California methane leak wreaks havoc on community


Caroline Foley, Staff Writer

A massive methane gas leak from a well near the community of Porter Ranch, California has caused the evacuation of approximately 2,000 people.

CBS reports that gas has been spilling out of a former oil field-turned-storage site owned by Southern California Gas Company at the rate of 70,000 pounds per hour since October.

Residents in the surrounding area began complaining of symptoms like headaches, nosebleeds, and nausea and told news reporters that at times the air smelled of rotten eggs.  Methane gas is invisible to the naked eye, and investigators were able to confirm the gas leak only after filming the area using an infrared camera.

According to The Guardian, there were also concerns about the potential health effects of benzene, a known carcinogen found in methane gas.  On November 10, benzene levels recorded by Southern California Gas reached nearly six times higher than the safe limits for exposure period over eight hours, according to Michael Jerrett, chair of UCLA’s environmental health sciences department. “If it was just two or three days, it would be one thing,” he said. “For about the first three weeks of November there were levels of benzene being sampled in the community that were considerably higher than expected in the LA basin, and were likely to be higher than the government exposure level for eight-hour exposure.”

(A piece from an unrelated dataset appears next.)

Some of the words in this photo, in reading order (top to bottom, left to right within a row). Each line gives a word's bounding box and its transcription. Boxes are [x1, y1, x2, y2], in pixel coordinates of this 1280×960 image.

The New York Times reported that early efforts to thwart the flow of noxious fumes were unsuccessful due to the gas rushing up at nearly 200 times normal atmospheric pressure. Southern California Gas, the local utilities company, has begun drilling a relief well scheduled for completion in late February.  Drilling a relief well is a time-consuming and expensive process, especially drilling one to accurately intercept the narrow steel pipe of a problem well more than a mile and a half underground.

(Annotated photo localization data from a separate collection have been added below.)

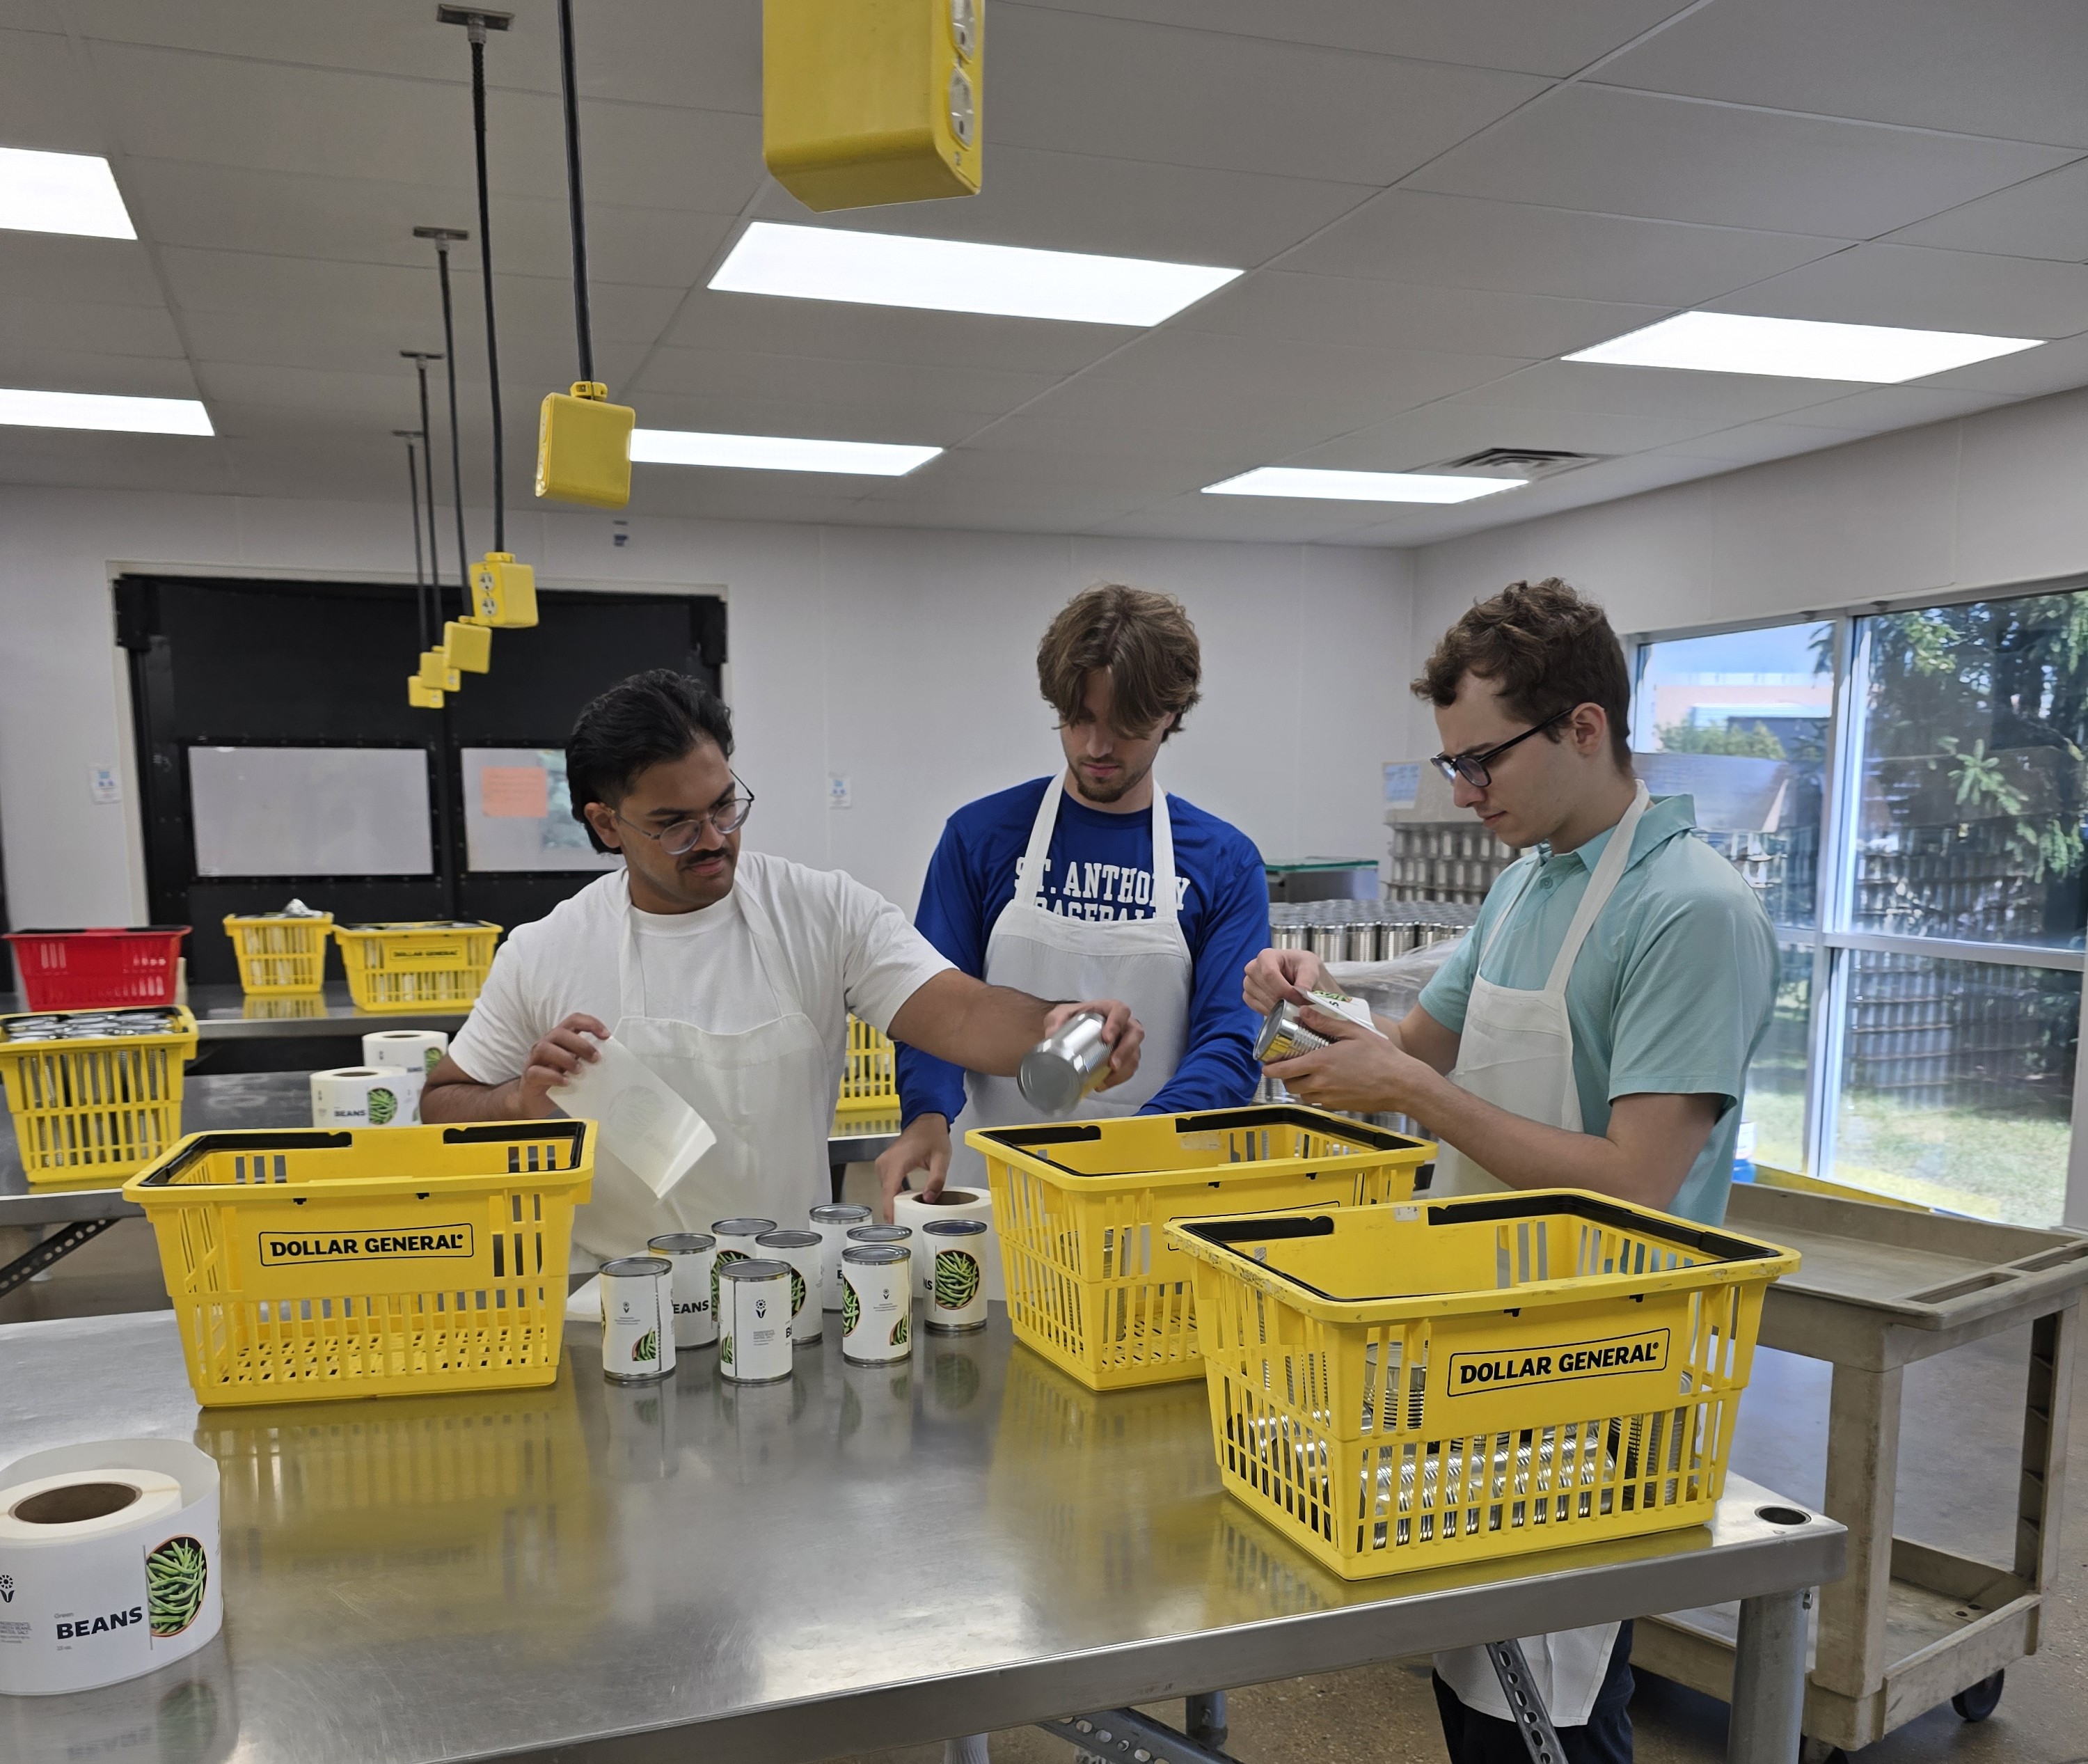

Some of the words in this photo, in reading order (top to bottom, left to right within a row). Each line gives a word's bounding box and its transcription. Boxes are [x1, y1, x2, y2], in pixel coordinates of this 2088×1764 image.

[1063, 862, 1191, 911] ANTHOY
[270, 1238, 359, 1257] DOLLAR
[673, 1300, 709, 1314] EANS
[1460, 1356, 1551, 1384] DOLLAR
[56, 1606, 143, 1639] BEANS

California Governor Jerry Brown has already declared a state of emergency in the Los Angeles neighborhood of Porter Ranch as thousands of families have had to relocate to escape the sickening effects of the gas.  “All state agencies will utilize state personnel, equipment and facilities to ensure a continuous and thorough state response to this incident,” Brown’s office said in a statement. The Southern California Gas Company has been subsidizing those residents who want to move and installing air filtration for those who choose to stay.

Unlike many similar wells, the leaking site did not have a subsurface safety valve; though not required by state regulators, such a valve could have stopped the leak quickly, and calls for reform have followed to prevent similar crises in the future.